I love moussaka and Kefi in Coquitlam has the best. So after our dinner there on New Years, I wanted to try my hand at making it. As with most ethnic recipes, I try and follow the recipe and make any desired changes after I see how it tastes. The moussaka below was really good, but was still a bit different from Kefi’s awesome dish. For those who are unsure of what its like, moussaka is basically a Greek version of lasagna. Kefi’s is more of a lasagna crossed with shepherds pie.

Changes I’ll make (although the below is really good): remove the tomato, take the bechamel (not adding the eggs) and mix with the beef, add a layer of grilled zucchini, and then top with mashed potatoes (as Kefi does).

As a more traditional recipe, I would definitely make the below again. Call this Moussaka Version 1. 😉




  • 1 large eggplant most recipes call for 3-4, but the eggplant I had was GIANT
  • 3 medium potatoes sliced thin with a mandolin
  • 2 tablespoons butter
  • 1 kg ground meat lamb preferred, but all I had was beef
  • 1 small onion grated (about 2-3 heaping tablespoons)
  • 1 tablespoon minced garlic
  • 1 cup crushed tomato
  • 1/4 teaspoon nutmeg
  • 1 tablespoon sicilian oregano
  • 4 oz / small glass of red wine
  • S&P to taste
  • 3 eggs
  • Grated parmesan cheese


  • Slice the eggplant in thick (1/2") slices, salt and pepper each side, drizzling with olive oil.
  • Bake at 400F for 10 minutes each side, set aside to cool.
  • Take the sliced potatoes and put in a microwave safe bowl, cover with water, add a hearty pinch of salt. Nuke for 7 minutes. Drain the water and set aside.
  • Melt the butter in a large frying pan and add the grated onion and garlic. Saute for about 2 minutes, until the onion has begun to turn clear.
  • Add the meat and begin to brown.
  • Add the spices and salt and pepper, wine and tomato puree.
  • Simmer for about 15-20 minutes until most of the moisture is gone.
  • Crack the 3 eggs into a bowl and whisk until well beaten. You'll use in a minute!

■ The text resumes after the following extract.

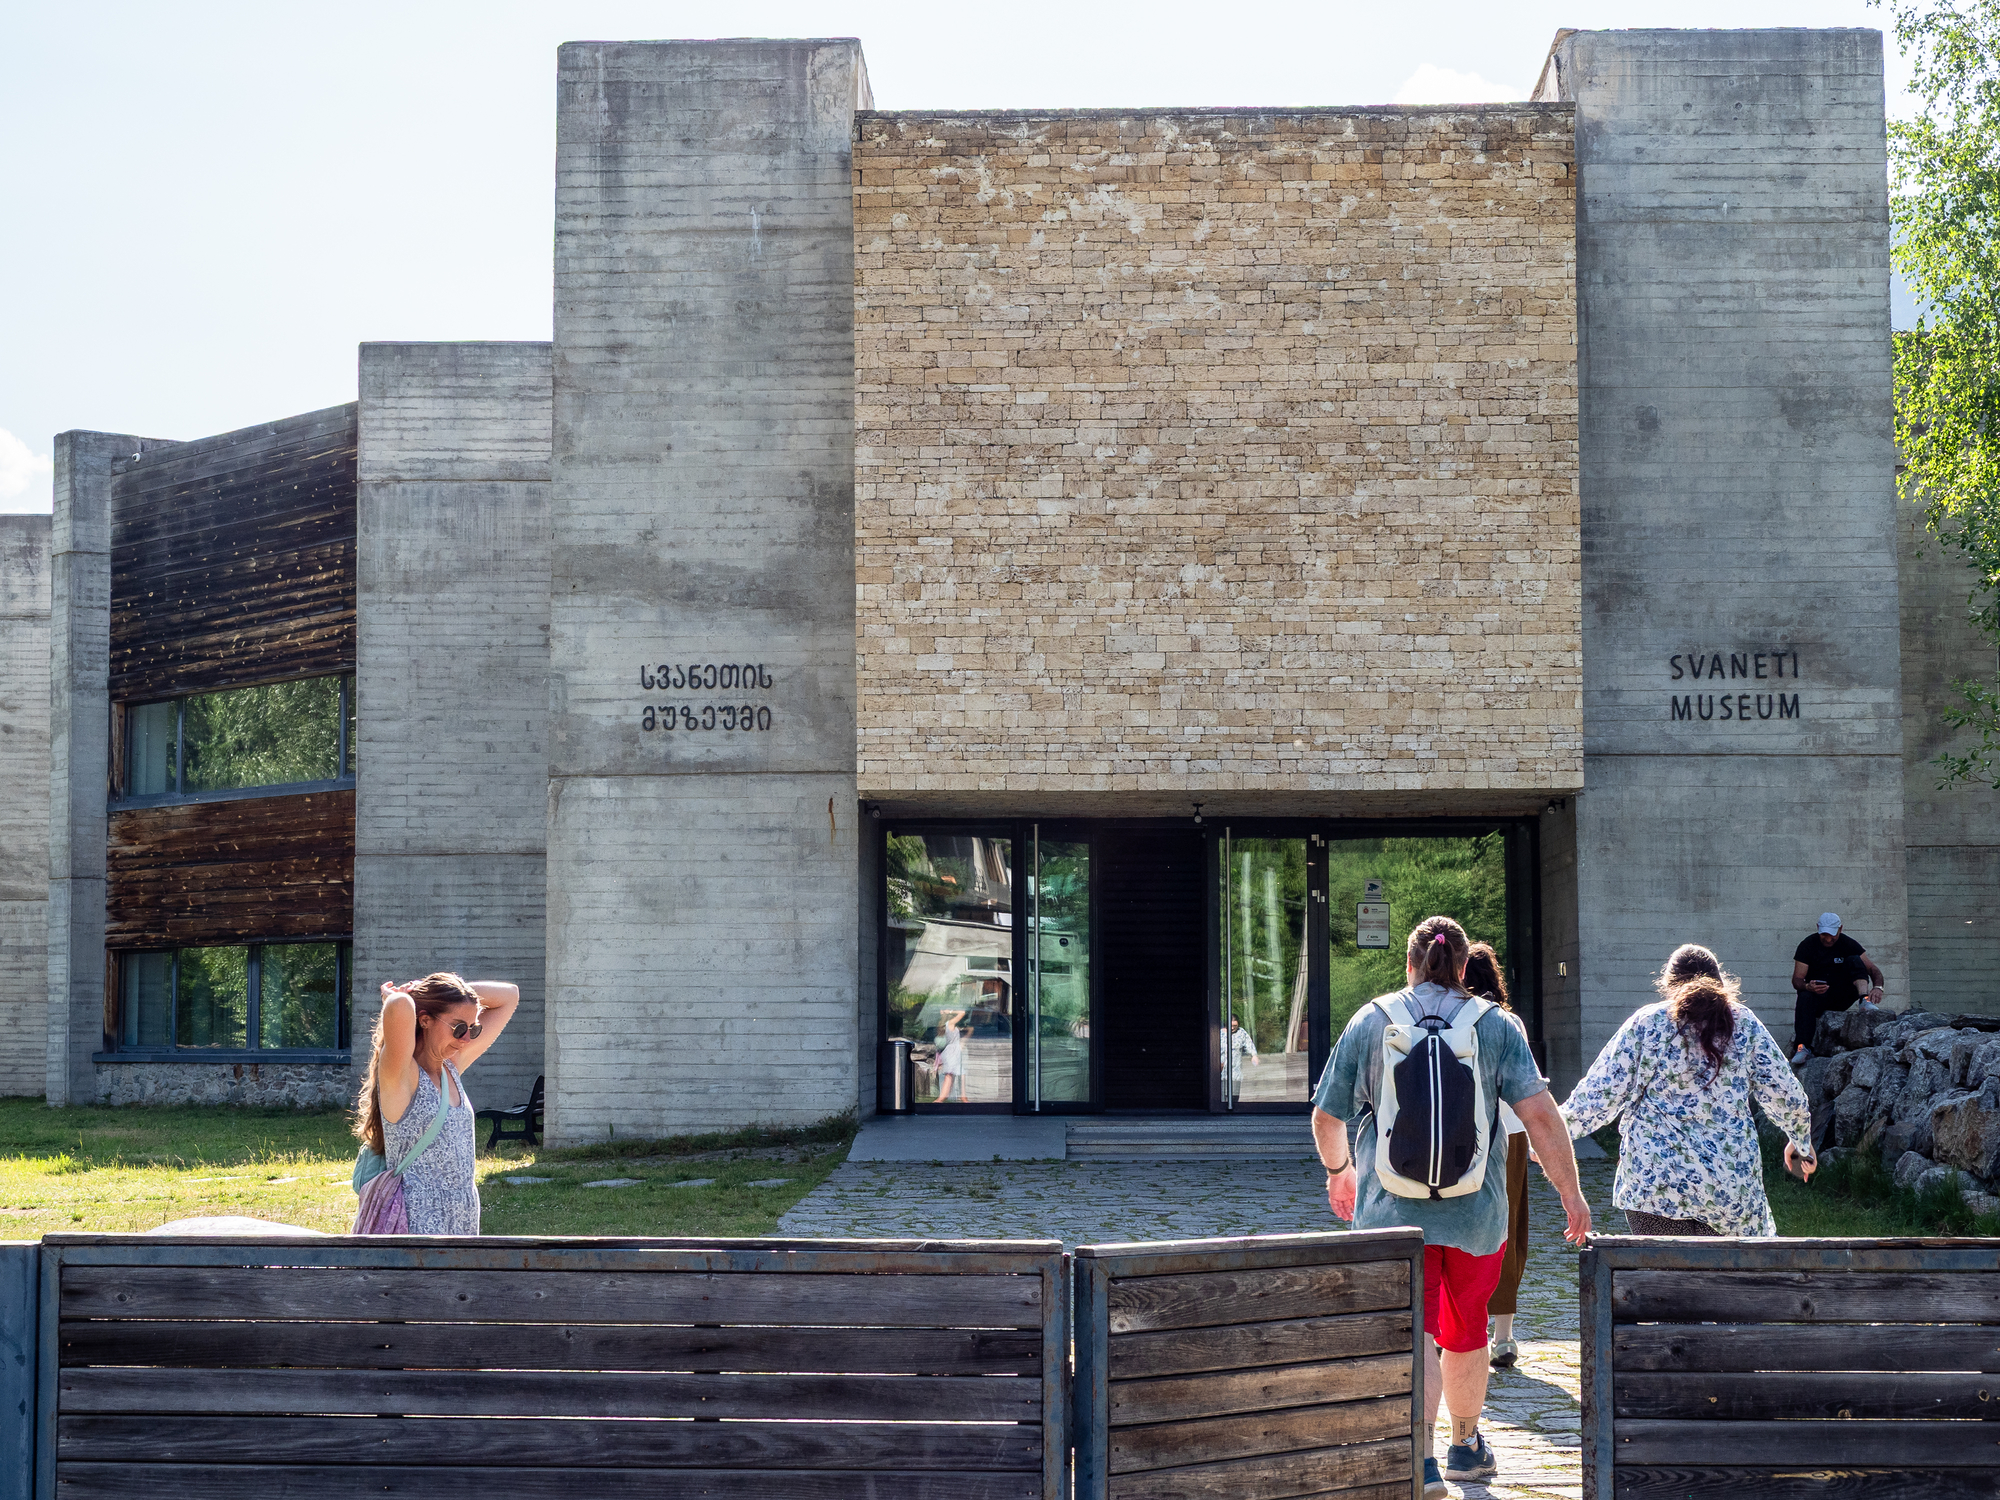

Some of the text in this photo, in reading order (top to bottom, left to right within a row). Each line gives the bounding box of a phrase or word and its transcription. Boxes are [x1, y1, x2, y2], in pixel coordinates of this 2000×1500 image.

[640, 664, 773, 690] სვანეთის
[1669, 652, 1800, 680] SVANETI
[641, 705, 773, 732] მუზეუმი
[1671, 693, 1800, 721] MUSEUM

  • Lightly PAM spray a 9x13 pan.
  • Place a small scoop of the bechamel sauce on the bottom of the pan. Tilt the pan back and forth until a thin layer covers the bottom.
  • At this point, you can add the beaten eggs to the rest of the bechamel sauce. whisking to combine.
  • Put down a layer of the eggplant
  • Then half the meat.
  • Then a layer of the potatoes.
  • Sprinkle with parmesan cheese.
  • Eggplant.
  • Meat.
  • Potatoes.
  • Cheese.
  • Then pour the bechamel/egg mix over top.
  • Sprinkle with more cheese.
  • Bake at 350F for 50 minutes, the top should be golden brown.